O Escritório do Representante Comercial dos Estados Unidos (USTR) está realizando audiências públicas para investigar supostas práticas comerciais brasileiras consideradas desleais ou prejudiciais aos interesses estadunidenses.
Primeira Audiência: Sobretaxa e Aspectos Comerciais
A primeira audiência, que se estende por dois dias, foca na proposta de sobretaxar em 25% produtos exportados pelo Brasil. Em análise estão "atos, políticas e práticas brasileiras" relacionadas a seis áreas: comércio digital e serviços de pagamento eletrônico (como o Pix), tarifas preferenciais, combate à corrupção, proteção da propriedade intelectual, acesso ao mercado de etanol e desmatamento ilegal.
Segunda Audiência: Trabalho Análogo à Escravidão e Trabalho Forçado
A segunda audiência, com duração prevista de três dias, inclui o Brasil entre 60 nações investigadas por supostas falhas no combate ao trabalho análogo à escravidão e na proibição à exportação de bens produzidos com trabalho forçado.
Base Legal e Cronologia das Investigações
Essas audiências ocorrem em Washington e são parte de um processo de consultas formais que envolve representantes de setores produtivos e governos dos países investigados, além de empresas estadunidenses alegadamente afetadas. As investigações são instauradas com base na Seção 301 da Lei de Comércio dos Estados Unidos de 1974, que permite ao governo norte-americano apurar práticas comerciais de nações consideradas desleais. A primeira investigação foi iniciada em julho de 2025 e a segunda em março de 2026.
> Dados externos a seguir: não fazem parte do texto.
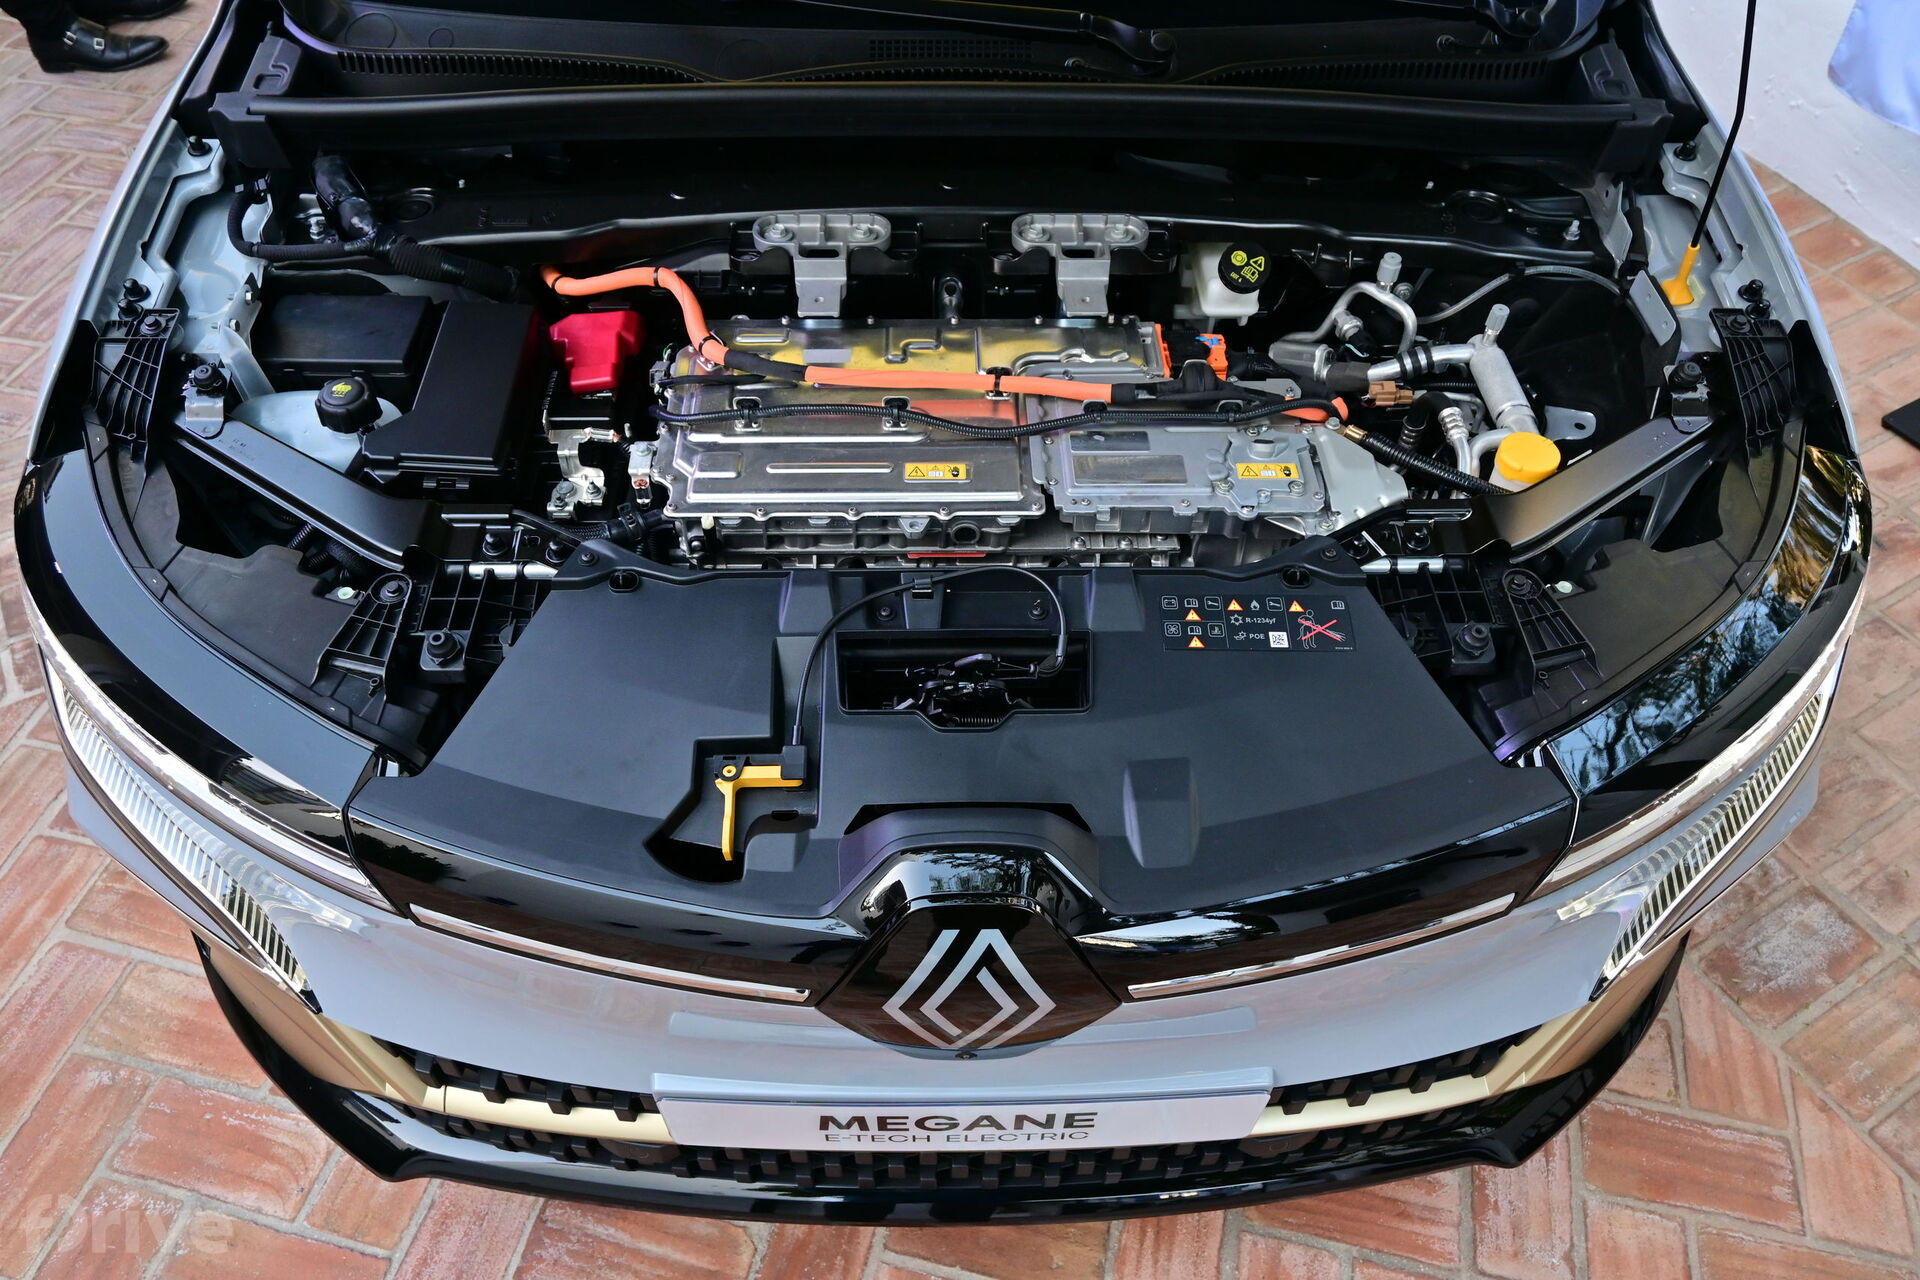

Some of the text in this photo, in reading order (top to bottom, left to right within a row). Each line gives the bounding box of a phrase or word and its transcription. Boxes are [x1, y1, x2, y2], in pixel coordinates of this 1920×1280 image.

[1245, 617, 1276, 625] R-1234yf
[819, 1112, 1098, 1132] MEGANE
[825, 1131, 1089, 1143] E-TECH ELECTRIC
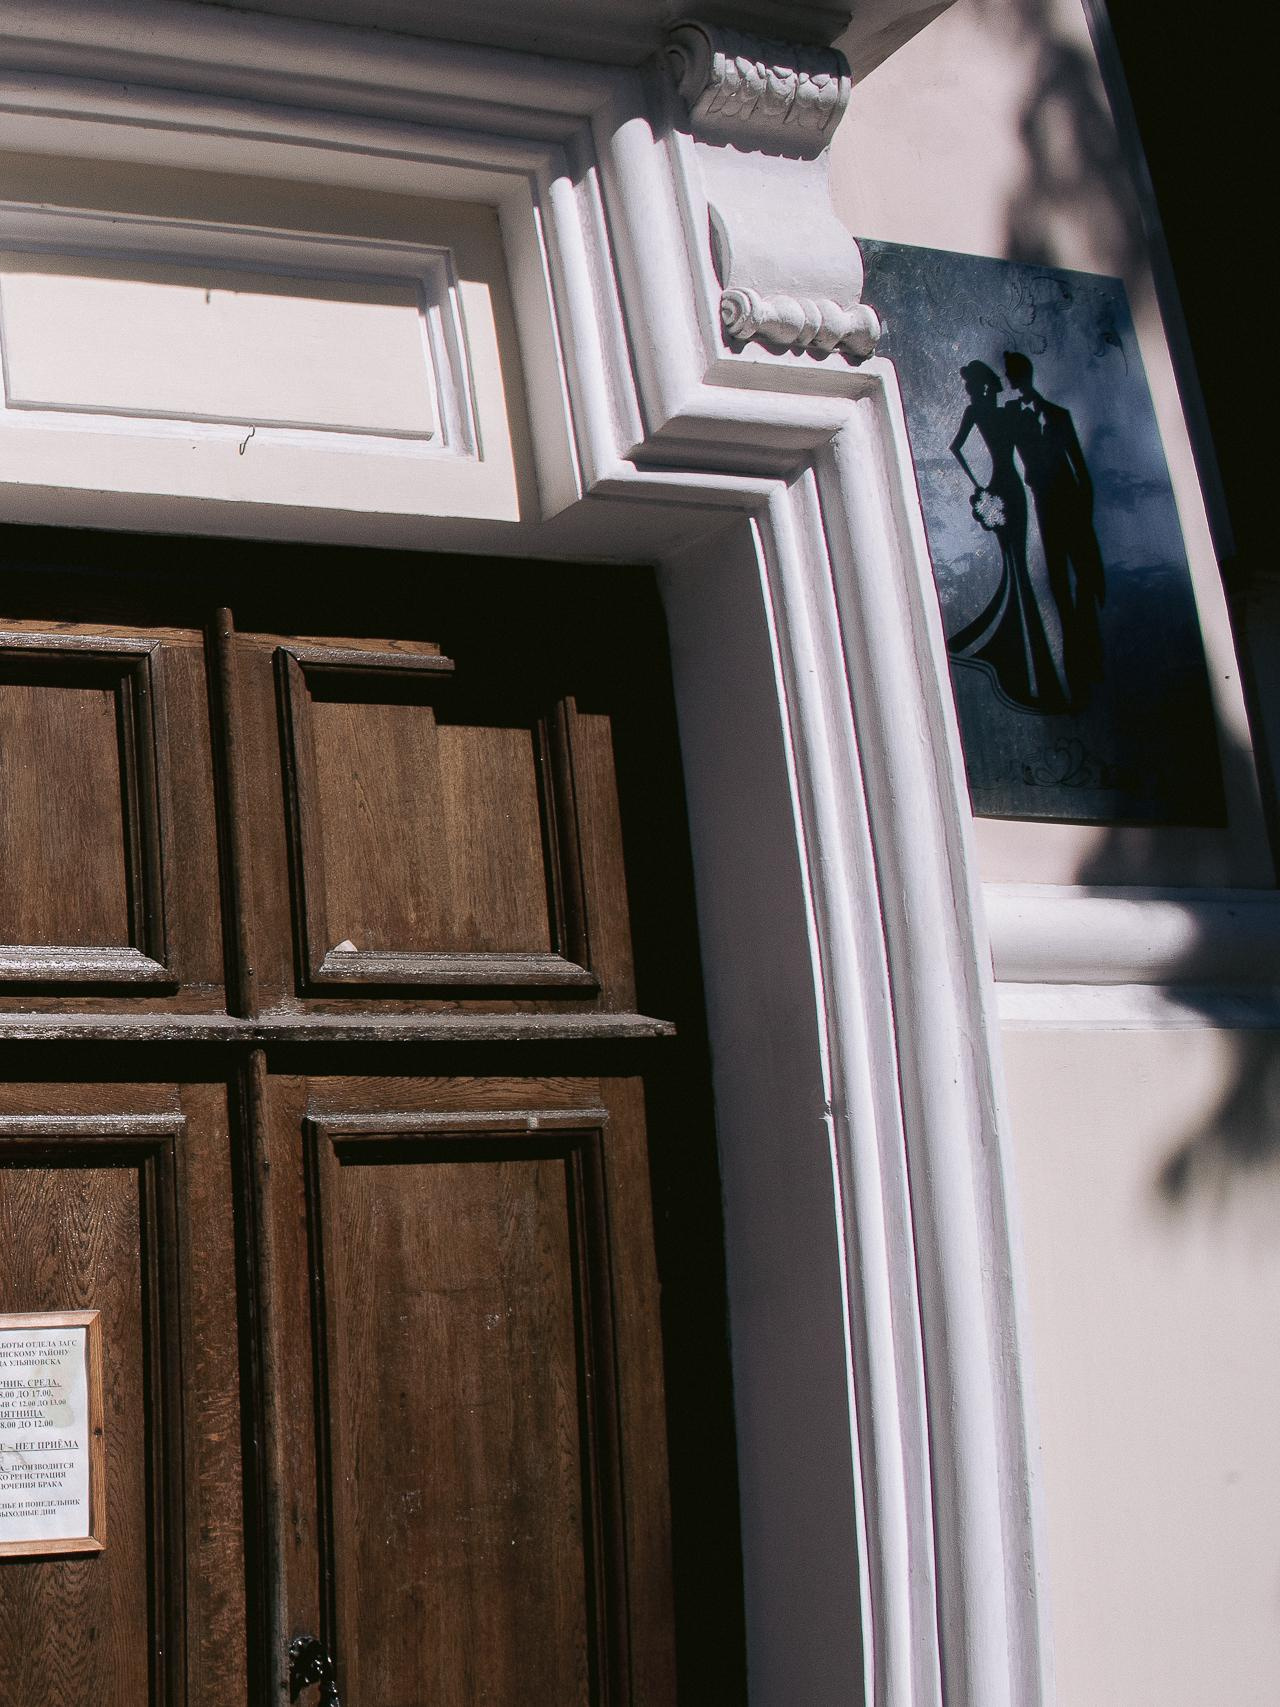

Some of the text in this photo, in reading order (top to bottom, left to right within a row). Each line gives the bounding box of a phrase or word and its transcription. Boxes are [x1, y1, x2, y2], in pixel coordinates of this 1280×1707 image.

[15, 1442, 35, 1451] НЕТ
[38, 1440, 79, 1450] ПРИЁМА
[12, 1463, 74, 1471] ПРОИЗВОДИТСЯ
[10, 1472, 66, 1480] РЕГИСТРАЦИЯ
[26, 1499, 81, 1508] ПОНЕДЕЛЬНИК
[41, 1508, 56, 1516] ДНИ
Entidades e Representantes Participantes
Dezenas de entidades e empresas brasileiras e estadunidenses se inscreveram para participar das audiências dedicadas especificamente às práticas brasileiras. Entre elas estão a Confederação Nacional de Agricultura e Pecuária do Brasil (CNA), o Conselho Brasileiro de Exportadores de Café (Cecafé), a Confederação Nacional da Indústria (CNI), a União da Indústria de Cana-de-Açúcar e Bioenergia (Unica) e a Embraer. O senador Flávio Bolsonaro também está entre os que serão ouvidos.
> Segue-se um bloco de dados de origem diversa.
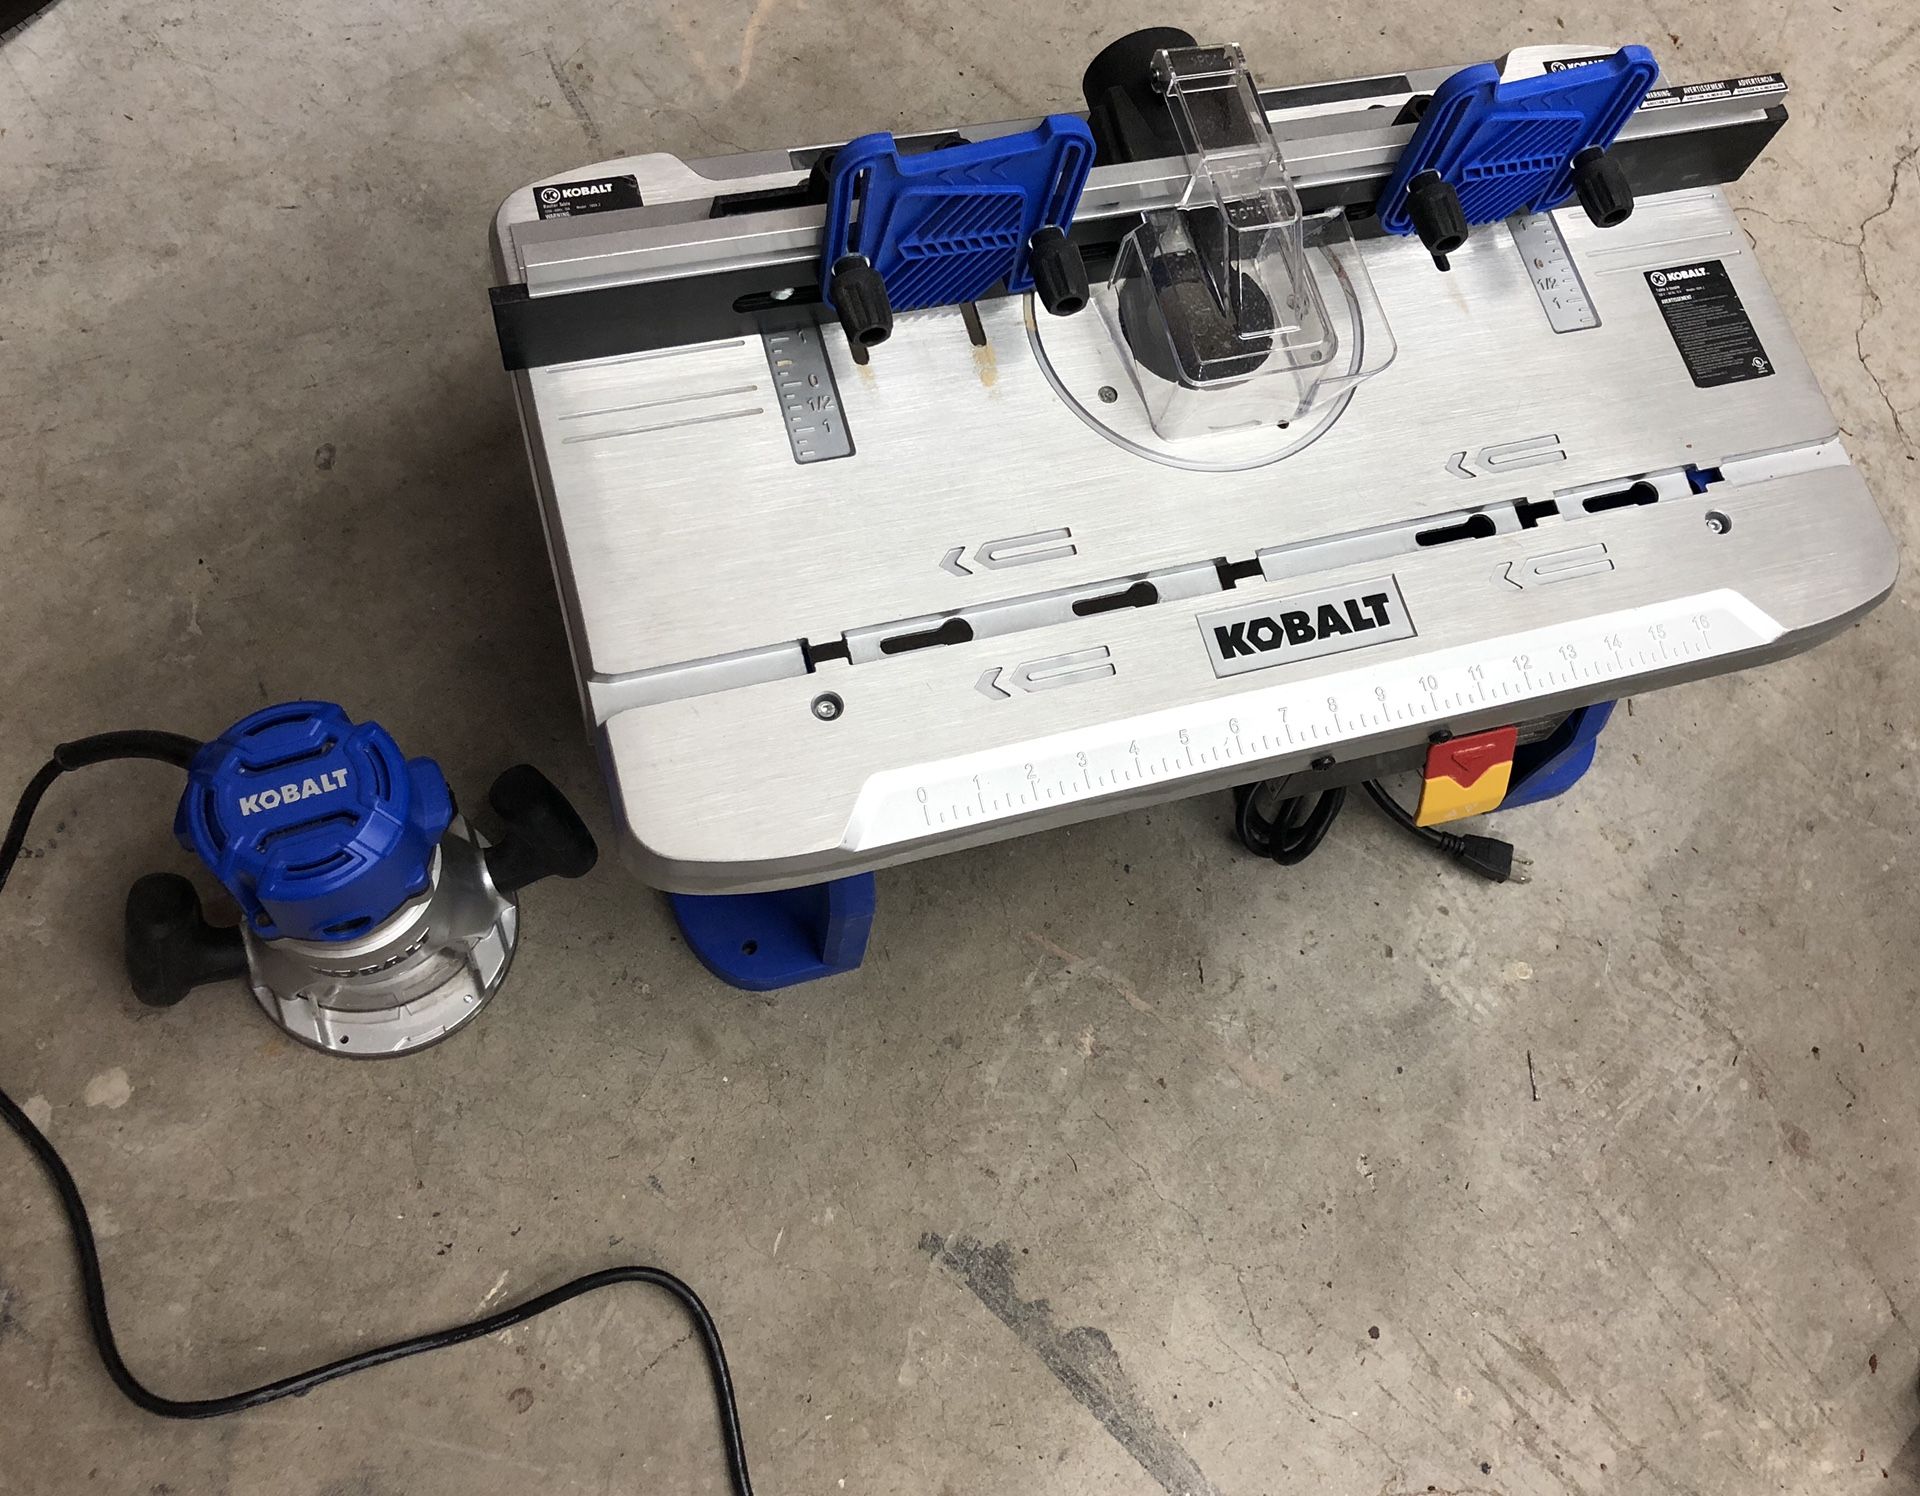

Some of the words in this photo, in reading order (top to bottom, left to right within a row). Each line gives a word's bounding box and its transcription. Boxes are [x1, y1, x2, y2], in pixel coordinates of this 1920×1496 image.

[562, 183, 613, 199] KOBALT
[1666, 267, 1706, 282] KOBALT
[1537, 277, 1560, 291] 1/2
[1552, 297, 1561, 309] 1
[807, 372, 819, 388] 0
[806, 395, 835, 411] 1/2
[822, 418, 831, 433] 1
[1213, 592, 1390, 660] KOBALT
[916, 786, 928, 803] 0
[972, 774, 981, 790] 1
[1024, 763, 1037, 780] 2
[1076, 751, 1088, 767] 3
[1128, 739, 1140, 755] 4
[1178, 728, 1189, 744] 5
[1228, 717, 1240, 733] 6
[1278, 706, 1288, 723] 7
[1327, 696, 1338, 712] 8
[1374, 686, 1386, 702] 9
[1418, 675, 1438, 692] 10
[1467, 664, 1485, 681] 11
[1512, 654, 1533, 672] 12
[1558, 644, 1577, 661] 13
[1603, 633, 1623, 651] 14
[1647, 623, 1667, 641] 15
[1691, 614, 1711, 631] 16
[239, 768, 348, 816] KOBALT
Estratégia Brasileira e Impactos no Setor de Rochas Naturais
A Associação Brasileira de Rochas Naturais (Centrorochas) e o Sindicato da Indústria do Ferro de Minas Gerais (Sindifer) se manifestaram nas audiências, especialmente na que aborda o favorecimento comercial por trabalho forçado e degradante. A Centrorochas busca demonstrar que a sobretaxa na importação de rochas naturais brasileiras teria impactos negativos para empresas e para a economia dos Estados Unidos.
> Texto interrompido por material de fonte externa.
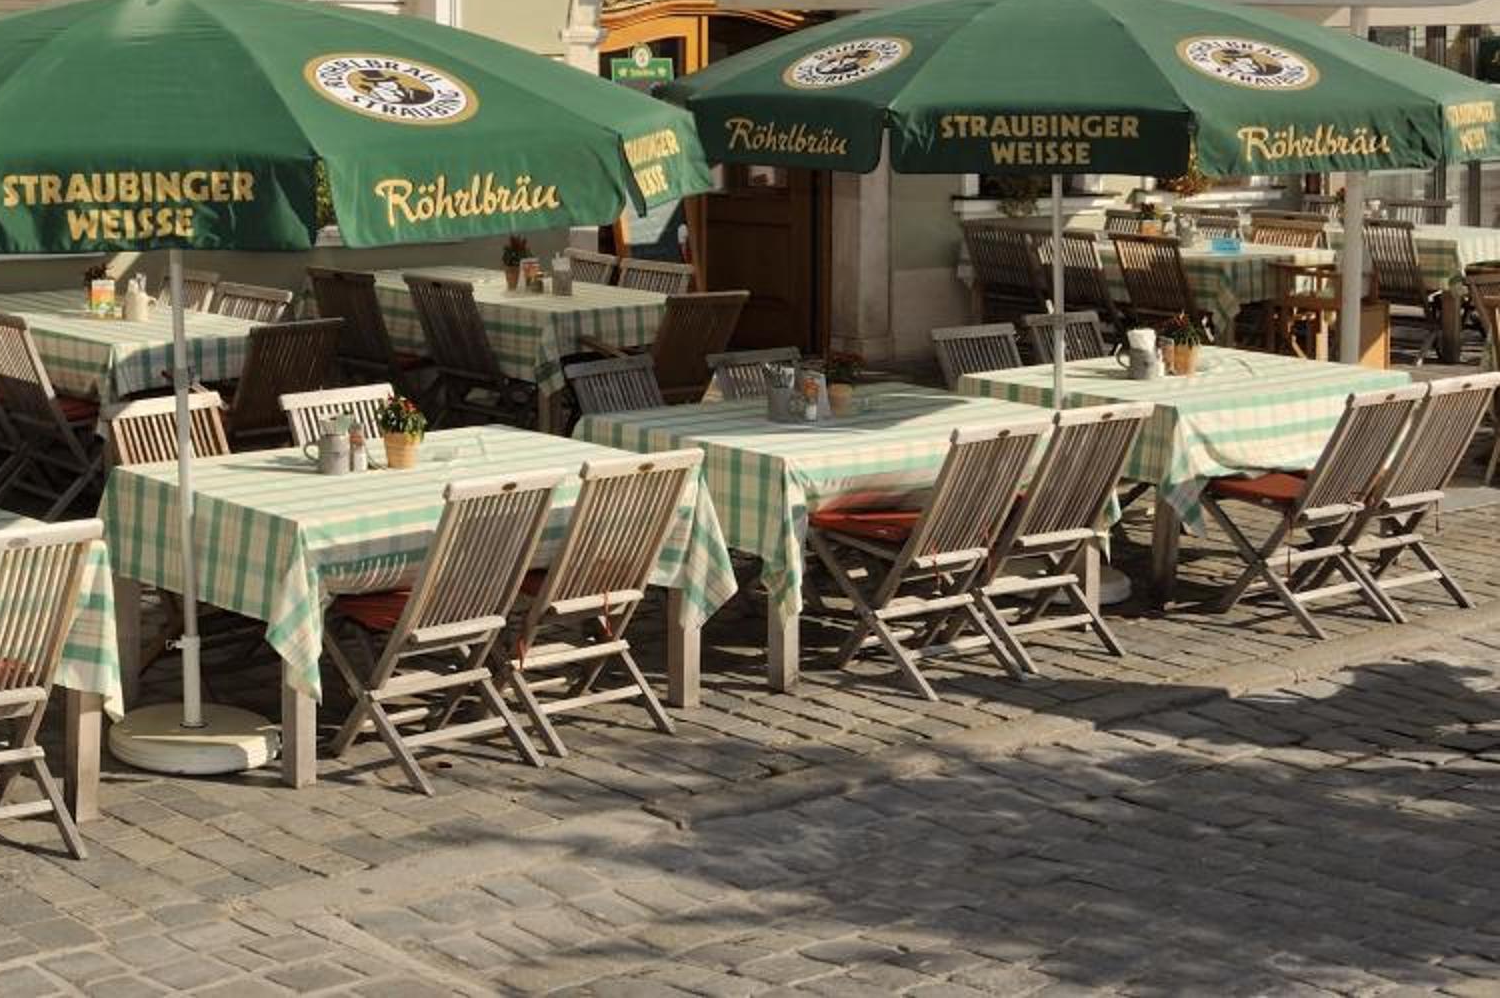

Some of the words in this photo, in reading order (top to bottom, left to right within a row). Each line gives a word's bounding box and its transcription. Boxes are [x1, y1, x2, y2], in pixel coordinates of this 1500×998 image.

[724, 117, 848, 155] Röhrlbräu
[940, 114, 1140, 139] STRAUBINGER
[1237, 123, 1391, 162] Röhrlbräu
[990, 141, 1092, 165] WEISSE
[2, 170, 256, 207] STRAUBINGER
[373, 171, 561, 227] Röhrlbräu
[66, 207, 196, 241] WEISSE
De acordo com a Centrorochas, o posicionamento é respaldado por organizações estadunidenses, como o Natural Stone Institute (NSI). Os EUA representam o principal mercado internacional para rochas naturais do Brasil, com vendas totalizando US$ 795 milhões em 2023, destinadas principalmente à fabricação de bancadas e revestimentos. O vice-presidente da associação, Fábio Cruz, argumenta que as novas tarifas prejudicariam a competitividade das empresas estadunidenses que utilizam a matéria-prima brasileira, afirmando que "As rochas naturais brasileiras não representam uma ameaça à produção doméstica americana. Pelo contrário, complementam uma cadeia produtiva que gera empregos, investimentos e renda em diversos estados dos Estados Unidos."
Posição do Governo Brasileiro
No mês anterior, o governo brasileiro, por meio do Itamaraty, contestou os argumentos favoráveis à sobretaxa e as conclusões preliminares do USTR. Em documento enviado, o Itamaraty argumentou que as práticas comerciais brasileiras não prejudicam os EUA ou suas empresas, solicitando que o governo estadunidense se abstenha de impor medidas unilaterais. O Brasil destacou que "O USTR não estabelece o nexo legal exigido entre um ato, política ou prática concreta do Brasil e um ônus ou restrição identificável ao comércio dos EUA".